Source #7 — Bundle Upload ID not exposed via public API (confirmed)

File: trunk-io/trunk/trunk/services/public-api/src/schema.ts

(grep for bundle_upload_id / upload_id / bundleUploadId in schema.ts → no matches)

Reasoning: No bundle_upload_id, upload_id, or bundleUploadId field appears anywhere in the canonical public API schema. This supports the PR's claim that the ID is "not exposed via the public API today" and "not URL-searchable."

Source #8 — x-api-token header (confirmed)

File: trunk-io/trunk/trunk/services/public-api/src/routes_protected.ts#L687

    const apiToken = parseResult.data[API_TOKEN_HEADER_KEY];

Reasoning: Protected routes read the org token from API_TOKEN_HEADER_KEY (the x-api-token header), matching the PR's auth requirement. The existing (unchanged) doc line referencing x-api-token is consistent with source.

Source #9 — status_changed webhook / healthy→flaky (ambiguous)

File: trunk-io/docs2/flaky-tests/webhooks/index.mdx#L52-L62

### `v2.test_case.status_changed`

Emitted when a test case changes status (e.g., becomes flaky or is resolved), as triggered by a monitor.
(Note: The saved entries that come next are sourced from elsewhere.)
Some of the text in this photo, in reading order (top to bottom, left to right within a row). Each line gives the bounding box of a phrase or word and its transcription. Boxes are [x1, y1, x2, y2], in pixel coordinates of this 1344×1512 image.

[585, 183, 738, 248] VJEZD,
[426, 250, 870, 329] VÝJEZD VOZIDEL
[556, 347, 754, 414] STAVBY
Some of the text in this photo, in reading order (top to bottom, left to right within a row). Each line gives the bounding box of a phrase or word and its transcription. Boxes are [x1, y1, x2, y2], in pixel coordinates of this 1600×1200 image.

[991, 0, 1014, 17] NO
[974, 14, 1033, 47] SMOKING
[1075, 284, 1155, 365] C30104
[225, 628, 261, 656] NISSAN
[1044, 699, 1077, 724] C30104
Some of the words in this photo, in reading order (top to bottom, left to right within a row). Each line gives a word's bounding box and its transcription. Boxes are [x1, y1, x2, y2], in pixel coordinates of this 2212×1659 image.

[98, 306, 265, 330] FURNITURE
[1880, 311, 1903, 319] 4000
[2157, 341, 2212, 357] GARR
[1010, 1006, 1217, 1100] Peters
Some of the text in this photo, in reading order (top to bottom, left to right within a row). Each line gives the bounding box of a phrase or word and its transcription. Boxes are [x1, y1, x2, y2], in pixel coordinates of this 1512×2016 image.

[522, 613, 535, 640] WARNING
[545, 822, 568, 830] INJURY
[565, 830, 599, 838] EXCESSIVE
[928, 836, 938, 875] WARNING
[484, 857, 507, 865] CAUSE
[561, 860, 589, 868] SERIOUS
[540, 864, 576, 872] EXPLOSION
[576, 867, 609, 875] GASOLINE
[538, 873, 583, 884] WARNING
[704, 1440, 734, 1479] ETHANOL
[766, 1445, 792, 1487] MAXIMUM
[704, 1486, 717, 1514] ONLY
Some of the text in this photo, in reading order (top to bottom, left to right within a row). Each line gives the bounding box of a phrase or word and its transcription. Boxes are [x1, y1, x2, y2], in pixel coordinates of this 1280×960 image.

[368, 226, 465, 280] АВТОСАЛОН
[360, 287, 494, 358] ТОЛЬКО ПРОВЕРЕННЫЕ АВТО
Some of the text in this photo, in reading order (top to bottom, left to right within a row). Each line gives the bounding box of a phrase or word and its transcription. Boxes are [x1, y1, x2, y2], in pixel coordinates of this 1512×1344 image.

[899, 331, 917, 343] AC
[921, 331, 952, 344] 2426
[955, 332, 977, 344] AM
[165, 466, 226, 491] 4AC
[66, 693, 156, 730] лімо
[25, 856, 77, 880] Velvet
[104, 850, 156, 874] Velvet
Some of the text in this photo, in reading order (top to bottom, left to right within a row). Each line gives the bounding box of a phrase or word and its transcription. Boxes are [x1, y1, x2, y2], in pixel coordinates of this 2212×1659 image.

| `type` | string | Always `v2.test_case.status_changed` |
| `previous_status` | string | The prior status of the test case |
| `new_status` | string | The updated status of the test case |

Reasoning: The PR's "status_changed webhook" is a loose reference to v2.test_case.status_changed (older variant: test_case.monitor_status_changed). The webhook doc does not enumerate the literal status strings, so the PR's healthy / flaky lowercase values are not source-confirmed; the read API uses uppercase enums (FLAKY, BROKEN). Recommend using the full event type and confirming the exact payload status strings with eng before publishing.

Source #10 — immediate webhook-to-API propagation (unverifiable)

File: n/a

Reasoning: "There is no eventual-consistency window between the webhook and the read APIs" is a timing guarantee about the backend write/read path, not a name/value/path claim. It cannot be confirmed from the public API schema or route definitions. Needs a backend trace or eng confirmation. Not blocking, but recommend softening unless eng confirms a hard guarantee.